AIM OF THE TASK
Exact copies of the lines below are the goal; any images in them are dropped.

○ ○ ○ ○

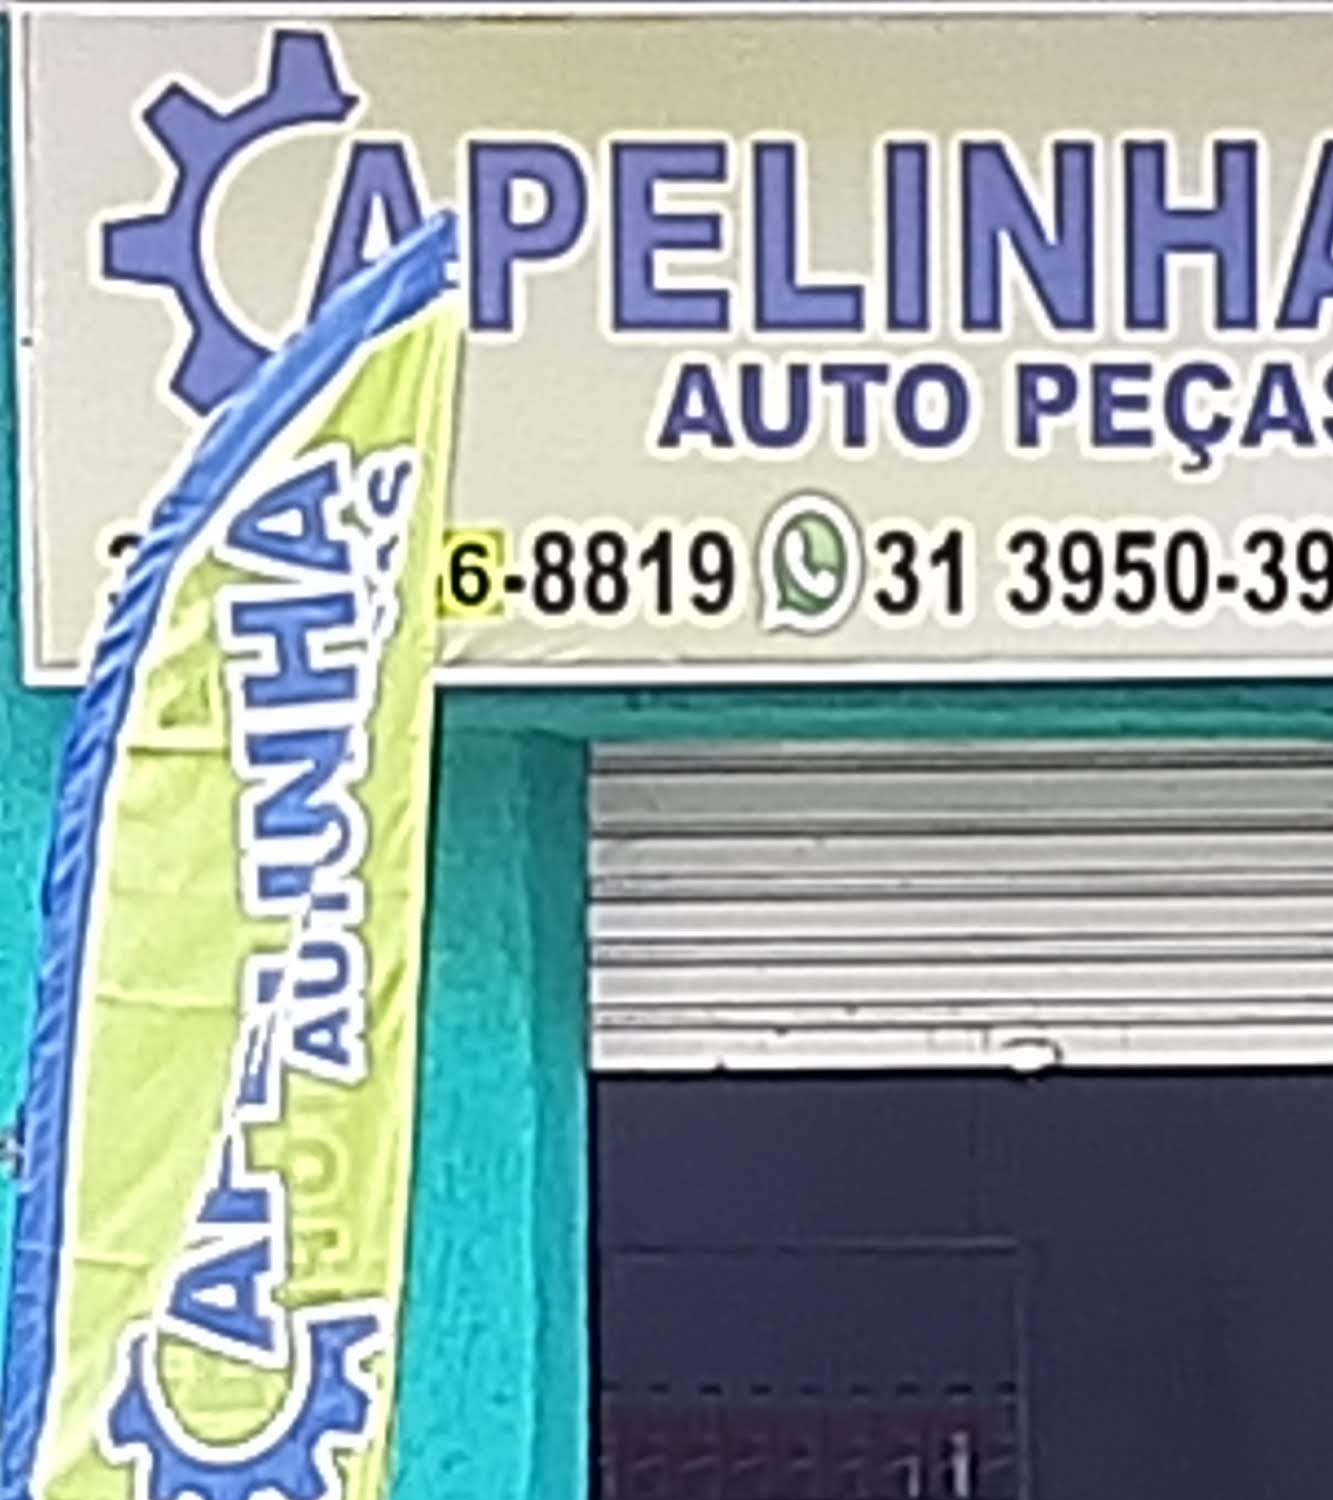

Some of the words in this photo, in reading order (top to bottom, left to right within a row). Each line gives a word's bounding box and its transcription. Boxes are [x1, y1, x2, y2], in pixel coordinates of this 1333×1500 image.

[657, 362, 970, 450] AUTO
[448, 529, 736, 616] 6-8819
[874, 530, 964, 615] 31
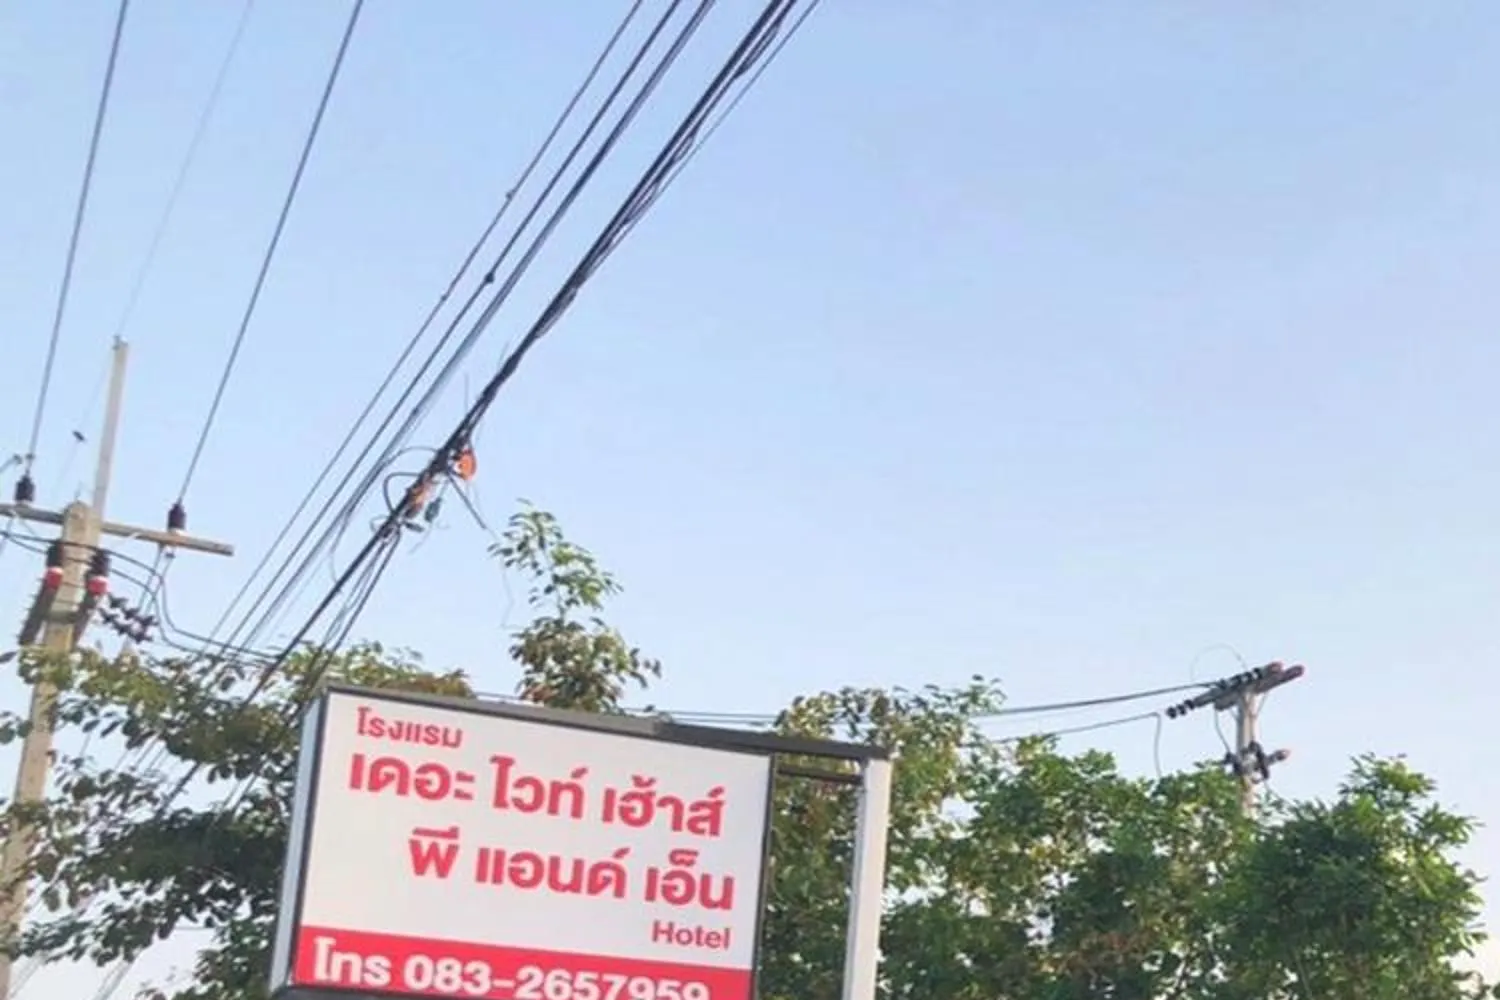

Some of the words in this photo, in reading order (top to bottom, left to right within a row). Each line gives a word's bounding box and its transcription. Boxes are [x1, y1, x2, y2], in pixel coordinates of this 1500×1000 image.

[356, 705, 464, 749] โรงแรม
[348, 752, 475, 802] เดอะ
[490, 754, 590, 820] ไวท์
[600, 774, 726, 838] เฮ้าส์
[408, 825, 461, 880] พี
[473, 846, 632, 900] แอนด์
[643, 848, 736, 911] เอ็น
[651, 920, 732, 950] Hotel
[315, 937, 392, 987] โทร

○ ○ ○ ○

ANSWER AREA
Some of the words in this photo, in reading order (top to bottom, left to right within a row). Each line gives a word's bounding box and its transcription. Boxes are [x1, y1, x2, y2], in pixel coordinates of this 1333×1500 image.

[657, 362, 970, 450] AUTO
[448, 529, 736, 616] 6-8819
[874, 530, 964, 615] 31

Some of the words in this photo, in reading order (top to bottom, left to right within a row). Each line gives a word's bounding box and its transcription. Boxes are [x1, y1, x2, y2], in pixel coordinates of this 1500×1000 image.

[356, 705, 464, 749] โรงแรม
[348, 752, 475, 802] เดอะ
[490, 754, 590, 820] ไวท์
[600, 774, 726, 838] เฮ้าส์
[408, 825, 461, 880] พี
[473, 846, 632, 900] แอนด์
[643, 848, 736, 911] เอ็น
[651, 920, 732, 950] Hotel
[315, 937, 392, 987] โทร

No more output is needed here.